* _Stored data_
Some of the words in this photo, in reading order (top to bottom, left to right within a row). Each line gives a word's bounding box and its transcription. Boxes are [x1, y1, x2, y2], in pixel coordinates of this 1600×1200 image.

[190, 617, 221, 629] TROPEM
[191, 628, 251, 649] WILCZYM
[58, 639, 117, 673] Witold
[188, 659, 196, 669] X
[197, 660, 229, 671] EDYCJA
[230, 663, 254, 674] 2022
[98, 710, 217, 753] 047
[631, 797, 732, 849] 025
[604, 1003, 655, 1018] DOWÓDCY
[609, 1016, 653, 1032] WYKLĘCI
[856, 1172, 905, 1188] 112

* _What is required_
Output every record above a second time, exactly.

* _Reply_
Some of the words in this photo, in reading order (top to bottom, left to right within a row). Each line gives a word's bounding box and its transcription. Boxes are [x1, y1, x2, y2], in pixel coordinates of this 1600×1200 image.

[190, 617, 221, 629] TROPEM
[191, 628, 251, 649] WILCZYM
[58, 639, 117, 673] Witold
[188, 659, 196, 669] X
[197, 660, 229, 671] EDYCJA
[230, 663, 254, 674] 2022
[98, 710, 217, 753] 047
[631, 797, 732, 849] 025
[604, 1003, 655, 1018] DOWÓDCY
[609, 1016, 653, 1032] WYKLĘCI
[856, 1172, 905, 1188] 112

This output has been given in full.